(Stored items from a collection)
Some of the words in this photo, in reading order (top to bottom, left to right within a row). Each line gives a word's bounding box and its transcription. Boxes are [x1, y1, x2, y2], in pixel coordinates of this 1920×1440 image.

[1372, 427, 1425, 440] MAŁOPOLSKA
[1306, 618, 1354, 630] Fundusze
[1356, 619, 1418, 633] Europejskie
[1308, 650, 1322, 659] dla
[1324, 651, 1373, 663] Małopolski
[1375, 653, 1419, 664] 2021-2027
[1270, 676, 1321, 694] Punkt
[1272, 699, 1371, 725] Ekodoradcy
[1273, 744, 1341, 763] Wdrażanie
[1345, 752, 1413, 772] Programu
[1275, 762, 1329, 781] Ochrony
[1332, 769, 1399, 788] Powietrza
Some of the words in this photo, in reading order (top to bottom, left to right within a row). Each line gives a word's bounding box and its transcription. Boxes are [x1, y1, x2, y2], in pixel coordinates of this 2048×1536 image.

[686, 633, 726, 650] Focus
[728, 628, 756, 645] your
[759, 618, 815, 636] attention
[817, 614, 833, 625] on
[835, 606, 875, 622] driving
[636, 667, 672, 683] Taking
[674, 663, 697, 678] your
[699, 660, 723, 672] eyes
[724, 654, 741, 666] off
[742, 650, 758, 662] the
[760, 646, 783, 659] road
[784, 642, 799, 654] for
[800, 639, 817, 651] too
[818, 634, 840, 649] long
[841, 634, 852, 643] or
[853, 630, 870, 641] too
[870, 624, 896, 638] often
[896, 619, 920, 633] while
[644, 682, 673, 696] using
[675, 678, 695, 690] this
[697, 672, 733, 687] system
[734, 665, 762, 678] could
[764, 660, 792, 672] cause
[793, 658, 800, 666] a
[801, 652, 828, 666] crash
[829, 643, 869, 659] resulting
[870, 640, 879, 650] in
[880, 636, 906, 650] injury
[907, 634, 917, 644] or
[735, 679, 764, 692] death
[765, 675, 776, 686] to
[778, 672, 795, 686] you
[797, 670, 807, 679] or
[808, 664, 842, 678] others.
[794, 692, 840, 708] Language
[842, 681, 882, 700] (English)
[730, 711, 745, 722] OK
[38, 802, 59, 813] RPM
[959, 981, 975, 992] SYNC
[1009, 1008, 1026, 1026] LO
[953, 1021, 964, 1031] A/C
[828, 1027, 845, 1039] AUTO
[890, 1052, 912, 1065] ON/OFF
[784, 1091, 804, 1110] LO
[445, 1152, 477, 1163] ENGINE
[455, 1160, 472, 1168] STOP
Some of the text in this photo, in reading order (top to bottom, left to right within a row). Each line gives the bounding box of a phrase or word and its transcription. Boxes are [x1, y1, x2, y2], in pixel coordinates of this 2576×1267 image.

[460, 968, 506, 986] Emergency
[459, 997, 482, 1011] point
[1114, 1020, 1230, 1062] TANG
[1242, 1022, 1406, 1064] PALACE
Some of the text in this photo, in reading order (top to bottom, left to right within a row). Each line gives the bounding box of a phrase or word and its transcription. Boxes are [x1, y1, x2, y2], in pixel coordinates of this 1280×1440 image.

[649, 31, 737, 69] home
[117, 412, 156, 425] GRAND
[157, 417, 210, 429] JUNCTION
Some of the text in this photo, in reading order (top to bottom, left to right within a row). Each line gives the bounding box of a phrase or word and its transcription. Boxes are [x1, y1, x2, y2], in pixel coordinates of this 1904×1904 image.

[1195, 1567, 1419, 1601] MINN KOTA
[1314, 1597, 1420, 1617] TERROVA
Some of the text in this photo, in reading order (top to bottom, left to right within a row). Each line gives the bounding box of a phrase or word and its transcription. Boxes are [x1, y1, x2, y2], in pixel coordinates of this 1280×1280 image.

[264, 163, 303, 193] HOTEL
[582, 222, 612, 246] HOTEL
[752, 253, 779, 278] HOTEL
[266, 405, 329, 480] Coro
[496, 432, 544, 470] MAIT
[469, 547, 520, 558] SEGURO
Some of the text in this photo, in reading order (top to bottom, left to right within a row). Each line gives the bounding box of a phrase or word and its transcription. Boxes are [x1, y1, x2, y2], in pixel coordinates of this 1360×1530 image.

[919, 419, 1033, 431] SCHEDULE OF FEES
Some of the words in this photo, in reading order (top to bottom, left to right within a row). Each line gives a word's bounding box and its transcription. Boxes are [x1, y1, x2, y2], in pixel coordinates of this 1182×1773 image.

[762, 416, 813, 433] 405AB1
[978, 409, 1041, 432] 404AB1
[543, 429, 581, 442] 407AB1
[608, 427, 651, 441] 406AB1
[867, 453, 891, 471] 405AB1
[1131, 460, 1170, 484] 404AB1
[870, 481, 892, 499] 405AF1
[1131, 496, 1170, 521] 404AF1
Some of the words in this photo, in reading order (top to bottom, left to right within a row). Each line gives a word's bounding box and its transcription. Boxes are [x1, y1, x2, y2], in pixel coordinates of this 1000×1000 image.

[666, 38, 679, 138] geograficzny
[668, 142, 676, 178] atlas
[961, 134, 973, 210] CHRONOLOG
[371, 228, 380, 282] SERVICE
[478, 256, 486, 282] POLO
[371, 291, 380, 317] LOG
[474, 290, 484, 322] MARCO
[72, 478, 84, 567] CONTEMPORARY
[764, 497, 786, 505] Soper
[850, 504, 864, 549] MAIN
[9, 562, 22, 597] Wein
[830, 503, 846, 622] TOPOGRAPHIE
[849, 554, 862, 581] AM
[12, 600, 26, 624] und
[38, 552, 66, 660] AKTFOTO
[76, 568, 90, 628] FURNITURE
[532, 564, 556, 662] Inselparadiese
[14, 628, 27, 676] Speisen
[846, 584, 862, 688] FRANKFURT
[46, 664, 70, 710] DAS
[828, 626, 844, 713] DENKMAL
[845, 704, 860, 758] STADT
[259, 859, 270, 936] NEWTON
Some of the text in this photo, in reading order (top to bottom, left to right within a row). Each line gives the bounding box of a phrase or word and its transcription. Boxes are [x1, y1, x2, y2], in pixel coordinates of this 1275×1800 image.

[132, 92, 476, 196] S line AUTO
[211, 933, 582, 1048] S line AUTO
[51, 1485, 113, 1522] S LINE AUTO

## Problem details
Repeat each record exactly, leaving nothing out.

## Solved problem
Some of the words in this photo, in reading order (top to bottom, left to right within a row). Each line gives a word's bounding box and its transcription. Boxes are [x1, y1, x2, y2], in pixel coordinates of this 1920×1440 image.

[1372, 427, 1425, 440] MAŁOPOLSKA
[1306, 618, 1354, 630] Fundusze
[1356, 619, 1418, 633] Europejskie
[1308, 650, 1322, 659] dla
[1324, 651, 1373, 663] Małopolski
[1375, 653, 1419, 664] 2021-2027
[1270, 676, 1321, 694] Punkt
[1272, 699, 1371, 725] Ekodoradcy
[1273, 744, 1341, 763] Wdrażanie
[1345, 752, 1413, 772] Programu
[1275, 762, 1329, 781] Ochrony
[1332, 769, 1399, 788] Powietrza
Some of the words in this photo, in reading order (top to bottom, left to right within a row). Each line gives a word's bounding box and its transcription. Boxes are [x1, y1, x2, y2], in pixel coordinates of this 2048×1536 image.

[686, 633, 726, 650] Focus
[728, 628, 756, 645] your
[759, 618, 815, 636] attention
[817, 614, 833, 625] on
[835, 606, 875, 622] driving
[636, 667, 672, 683] Taking
[674, 663, 697, 678] your
[699, 660, 723, 672] eyes
[724, 654, 741, 666] off
[742, 650, 758, 662] the
[760, 646, 783, 659] road
[784, 642, 799, 654] for
[800, 639, 817, 651] too
[818, 634, 840, 649] long
[841, 634, 852, 643] or
[853, 630, 870, 641] too
[870, 624, 896, 638] often
[896, 619, 920, 633] while
[644, 682, 673, 696] using
[675, 678, 695, 690] this
[697, 672, 733, 687] system
[734, 665, 762, 678] could
[764, 660, 792, 672] cause
[793, 658, 800, 666] a
[801, 652, 828, 666] crash
[829, 643, 869, 659] resulting
[870, 640, 879, 650] in
[880, 636, 906, 650] injury
[907, 634, 917, 644] or
[735, 679, 764, 692] death
[765, 675, 776, 686] to
[778, 672, 795, 686] you
[797, 670, 807, 679] or
[808, 664, 842, 678] others.
[794, 692, 840, 708] Language
[842, 681, 882, 700] (English)
[730, 711, 745, 722] OK
[38, 802, 59, 813] RPM
[959, 981, 975, 992] SYNC
[1009, 1008, 1026, 1026] LO
[953, 1021, 964, 1031] A/C
[828, 1027, 845, 1039] AUTO
[890, 1052, 912, 1065] ON/OFF
[784, 1091, 804, 1110] LO
[445, 1152, 477, 1163] ENGINE
[455, 1160, 472, 1168] STOP
Some of the text in this photo, in reading order (top to bottom, left to right within a row). Each line gives the bounding box of a phrase or word and its transcription. Boxes are [x1, y1, x2, y2], in pixel coordinates of this 2576×1267 image.

[460, 968, 506, 986] Emergency
[459, 997, 482, 1011] point
[1114, 1020, 1230, 1062] TANG
[1242, 1022, 1406, 1064] PALACE
Some of the text in this photo, in reading order (top to bottom, left to right within a row). Each line gives the bounding box of a phrase or word and its transcription. Boxes are [x1, y1, x2, y2], in pixel coordinates of this 1280×1440 image.

[649, 31, 737, 69] home
[117, 412, 156, 425] GRAND
[157, 417, 210, 429] JUNCTION
Some of the text in this photo, in reading order (top to bottom, left to right within a row). Each line gives the bounding box of a phrase or word and its transcription. Boxes are [x1, y1, x2, y2], in pixel coordinates of this 1904×1904 image.

[1195, 1567, 1419, 1601] MINN KOTA
[1314, 1597, 1420, 1617] TERROVA
Some of the text in this photo, in reading order (top to bottom, left to right within a row). Each line gives the bounding box of a phrase or word and its transcription. Boxes are [x1, y1, x2, y2], in pixel coordinates of this 1280×1280 image.

[264, 163, 303, 193] HOTEL
[582, 222, 612, 246] HOTEL
[752, 253, 779, 278] HOTEL
[266, 405, 329, 480] Coro
[496, 432, 544, 470] MAIT
[469, 547, 520, 558] SEGURO
Some of the text in this photo, in reading order (top to bottom, left to right within a row). Each line gives the bounding box of a phrase or word and its transcription. Boxes are [x1, y1, x2, y2], in pixel coordinates of this 1360×1530 image.

[919, 419, 1033, 431] SCHEDULE OF FEES
Some of the words in this photo, in reading order (top to bottom, left to right within a row). Each line gives a word's bounding box and its transcription. Boxes are [x1, y1, x2, y2], in pixel coordinates of this 1182×1773 image.

[762, 416, 813, 433] 405AB1
[978, 409, 1041, 432] 404AB1
[543, 429, 581, 442] 407AB1
[608, 427, 651, 441] 406AB1
[867, 453, 891, 471] 405AB1
[1131, 460, 1170, 484] 404AB1
[870, 481, 892, 499] 405AF1
[1131, 496, 1170, 521] 404AF1
Some of the words in this photo, in reading order (top to bottom, left to right within a row). Each line gives a word's bounding box and its transcription. Boxes are [x1, y1, x2, y2], in pixel coordinates of this 1000×1000 image.

[666, 38, 679, 138] geograficzny
[668, 142, 676, 178] atlas
[961, 134, 973, 210] CHRONOLOG
[371, 228, 380, 282] SERVICE
[478, 256, 486, 282] POLO
[371, 291, 380, 317] LOG
[474, 290, 484, 322] MARCO
[72, 478, 84, 567] CONTEMPORARY
[764, 497, 786, 505] Soper
[850, 504, 864, 549] MAIN
[9, 562, 22, 597] Wein
[830, 503, 846, 622] TOPOGRAPHIE
[849, 554, 862, 581] AM
[12, 600, 26, 624] und
[38, 552, 66, 660] AKTFOTO
[76, 568, 90, 628] FURNITURE
[532, 564, 556, 662] Inselparadiese
[14, 628, 27, 676] Speisen
[846, 584, 862, 688] FRANKFURT
[46, 664, 70, 710] DAS
[828, 626, 844, 713] DENKMAL
[845, 704, 860, 758] STADT
[259, 859, 270, 936] NEWTON
Some of the text in this photo, in reading order (top to bottom, left to right within a row). Each line gives the bounding box of a phrase or word and its transcription. Boxes are [x1, y1, x2, y2], in pixel coordinates of this 1275×1800 image.

[132, 92, 476, 196] S line AUTO
[211, 933, 582, 1048] S line AUTO
[51, 1485, 113, 1522] S LINE AUTO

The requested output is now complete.